(The task): Please repeat the listing exactly, with every line intact.

(Record excerpts):
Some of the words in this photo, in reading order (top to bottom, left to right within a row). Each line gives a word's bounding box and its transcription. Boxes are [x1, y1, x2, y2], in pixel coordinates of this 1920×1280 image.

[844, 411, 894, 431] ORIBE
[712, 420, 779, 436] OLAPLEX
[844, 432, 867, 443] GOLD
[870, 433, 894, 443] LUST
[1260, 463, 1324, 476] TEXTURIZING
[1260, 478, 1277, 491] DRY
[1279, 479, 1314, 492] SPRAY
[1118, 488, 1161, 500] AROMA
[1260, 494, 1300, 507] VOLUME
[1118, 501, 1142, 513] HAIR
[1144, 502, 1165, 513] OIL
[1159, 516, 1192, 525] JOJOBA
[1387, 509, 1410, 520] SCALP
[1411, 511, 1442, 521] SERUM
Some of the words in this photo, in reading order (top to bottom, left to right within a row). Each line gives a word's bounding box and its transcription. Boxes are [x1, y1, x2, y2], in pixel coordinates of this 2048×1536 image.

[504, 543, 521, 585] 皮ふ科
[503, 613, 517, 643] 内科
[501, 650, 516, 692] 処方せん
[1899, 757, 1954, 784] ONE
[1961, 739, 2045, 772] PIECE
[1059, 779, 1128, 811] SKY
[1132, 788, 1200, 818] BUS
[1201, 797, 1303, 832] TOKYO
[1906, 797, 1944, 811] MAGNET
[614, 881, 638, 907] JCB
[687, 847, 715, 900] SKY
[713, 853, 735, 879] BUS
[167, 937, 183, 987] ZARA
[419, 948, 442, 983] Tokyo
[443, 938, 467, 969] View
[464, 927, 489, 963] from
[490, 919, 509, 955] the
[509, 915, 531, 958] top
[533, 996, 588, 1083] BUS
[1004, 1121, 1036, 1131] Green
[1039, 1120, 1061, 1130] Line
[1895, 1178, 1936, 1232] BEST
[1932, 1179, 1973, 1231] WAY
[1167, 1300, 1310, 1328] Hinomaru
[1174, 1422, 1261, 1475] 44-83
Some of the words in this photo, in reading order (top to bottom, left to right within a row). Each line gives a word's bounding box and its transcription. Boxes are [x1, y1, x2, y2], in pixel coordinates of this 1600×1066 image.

(Solution to this exercise):
Some of the words in this photo, in reading order (top to bottom, left to right within a row). Each line gives a word's bounding box and its transcription. Boxes are [x1, y1, x2, y2], in pixel coordinates of this 1920×1280 image.

[844, 411, 894, 431] ORIBE
[712, 420, 779, 436] OLAPLEX
[844, 432, 867, 443] GOLD
[870, 433, 894, 443] LUST
[1260, 463, 1324, 476] TEXTURIZING
[1260, 478, 1277, 491] DRY
[1279, 479, 1314, 492] SPRAY
[1118, 488, 1161, 500] AROMA
[1260, 494, 1300, 507] VOLUME
[1118, 501, 1142, 513] HAIR
[1144, 502, 1165, 513] OIL
[1159, 516, 1192, 525] JOJOBA
[1387, 509, 1410, 520] SCALP
[1411, 511, 1442, 521] SERUM
Some of the words in this photo, in reading order (top to bottom, left to right within a row). Each line gives a word's bounding box and its transcription. Boxes are [x1, y1, x2, y2], in pixel coordinates of this 2048×1536 image.

[504, 543, 521, 585] 皮ふ科
[503, 613, 517, 643] 内科
[501, 650, 516, 692] 処方せん
[1899, 757, 1954, 784] ONE
[1961, 739, 2045, 772] PIECE
[1059, 779, 1128, 811] SKY
[1132, 788, 1200, 818] BUS
[1201, 797, 1303, 832] TOKYO
[1906, 797, 1944, 811] MAGNET
[614, 881, 638, 907] JCB
[687, 847, 715, 900] SKY
[713, 853, 735, 879] BUS
[167, 937, 183, 987] ZARA
[419, 948, 442, 983] Tokyo
[443, 938, 467, 969] View
[464, 927, 489, 963] from
[490, 919, 509, 955] the
[509, 915, 531, 958] top
[533, 996, 588, 1083] BUS
[1004, 1121, 1036, 1131] Green
[1039, 1120, 1061, 1130] Line
[1895, 1178, 1936, 1232] BEST
[1932, 1179, 1973, 1231] WAY
[1167, 1300, 1310, 1328] Hinomaru
[1174, 1422, 1261, 1475] 44-83
Some of the words in this photo, in reading order (top to bottom, left to right within a row). Each line gives a word's bounding box and its transcription. Boxes are [x1, y1, x2, y2], in pixel coordinates of this 1600×1066 image.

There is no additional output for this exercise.